Reacciones internacionales y predicciones
Diversos analistas coinciden en que el nombramiento de Kim Ju Ae es un mensaje de continuidad familiar y un intento de mostrar fortaleza frente a la comunidad internacional. Sin embargo, también advierten que el hecho de que sea tan joven podría generar incertidumbre en la élite militar y política del país.
Algunos puntos clave que se siguen de cerca:
- Consolidación de poder: Cómo se integrará en el aparato del partido y la seguridad nacional.
- Aceptación interna: Si la élite norcoreana respalda a una líder adolescente.
- Implicaciones externas: Cómo responderán Estados Unidos, Corea del Sur y Japón ante este posible cambio generacional.
La dinastía Kim da un giro inesperado
Kim Ju Ae no solo es la heredera de Kim Jong Un, sino que también podría ser la primera mujer con poder real en la historia del régimen.

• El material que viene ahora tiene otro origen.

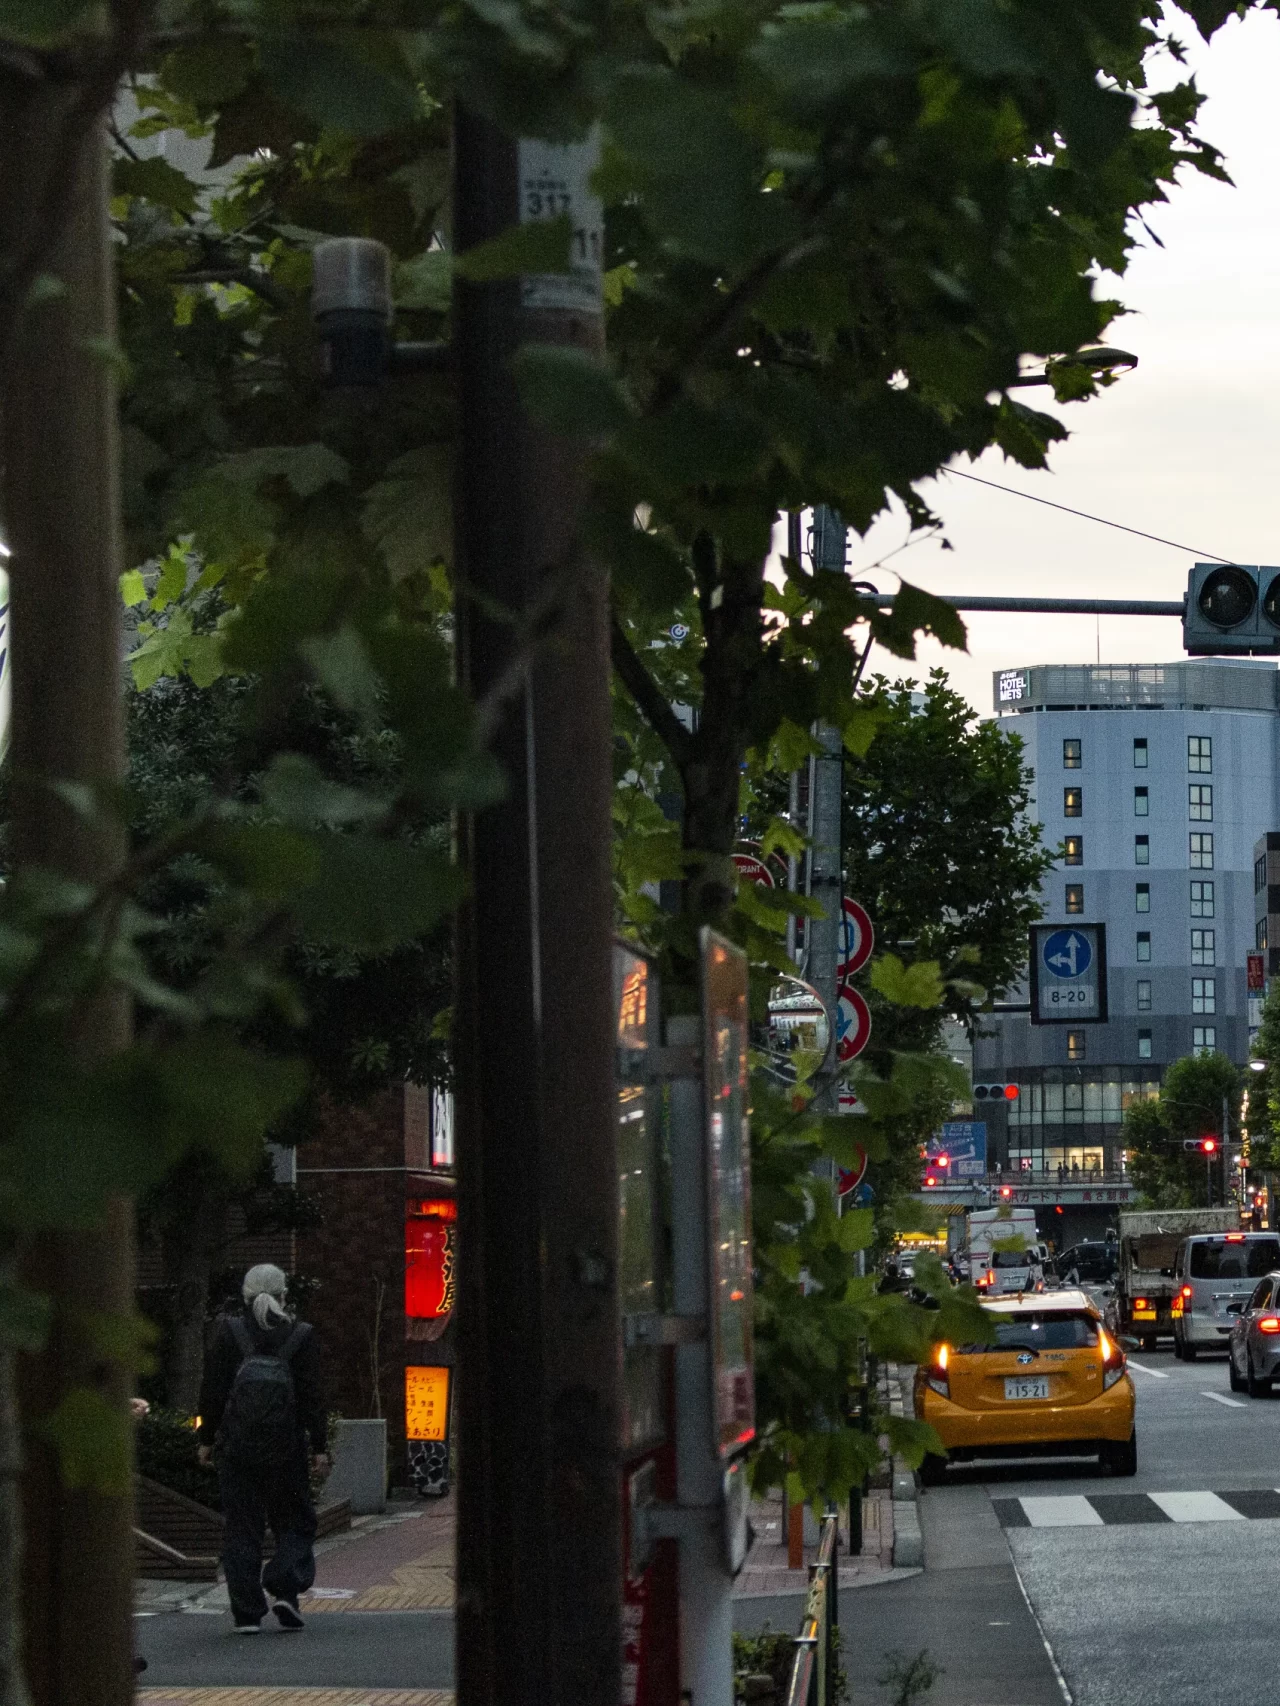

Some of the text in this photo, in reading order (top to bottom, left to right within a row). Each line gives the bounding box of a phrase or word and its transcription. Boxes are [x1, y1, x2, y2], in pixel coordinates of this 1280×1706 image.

[1000, 677, 1027, 691] HOTEL
[1000, 689, 1022, 701] METS
[1050, 989, 1086, 1004] 8-20
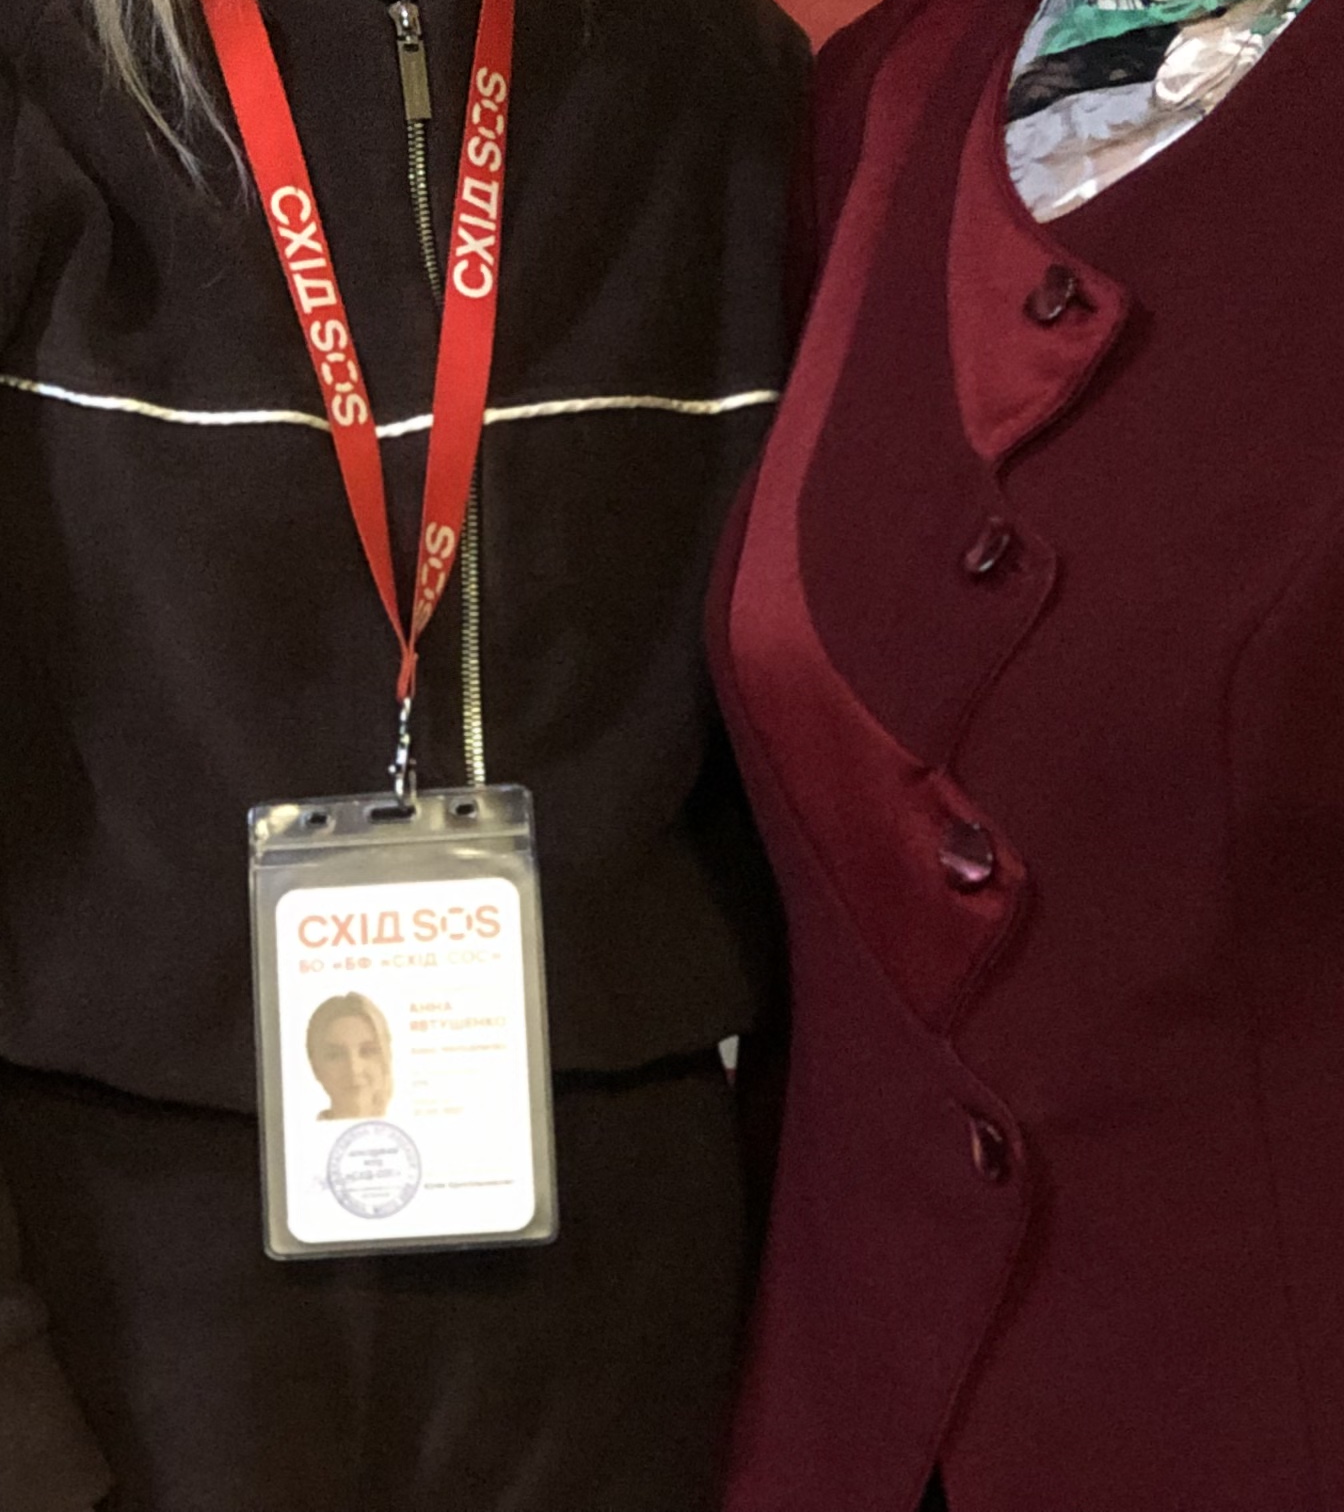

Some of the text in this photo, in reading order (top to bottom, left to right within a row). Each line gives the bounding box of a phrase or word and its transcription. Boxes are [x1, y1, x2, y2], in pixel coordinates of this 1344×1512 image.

[453, 66, 508, 299] СХІД SOS
[270, 185, 368, 427] СХІД SOS
[297, 904, 502, 949] СХІД SOS

Su rol en eventos militares y ceremoniales, su presencia en los símbolos más importantes del país y su futura participación en cargos formales la colocan en el centro de la política norcoreana.
Para los observadores internacionales, esta es una oportunidad única para estudiar cómo un régimen cerrado como Corea del Norte maneja la sucesión generacional y de género, y qué implicaciones tendrá para la estabilidad regional y mundial.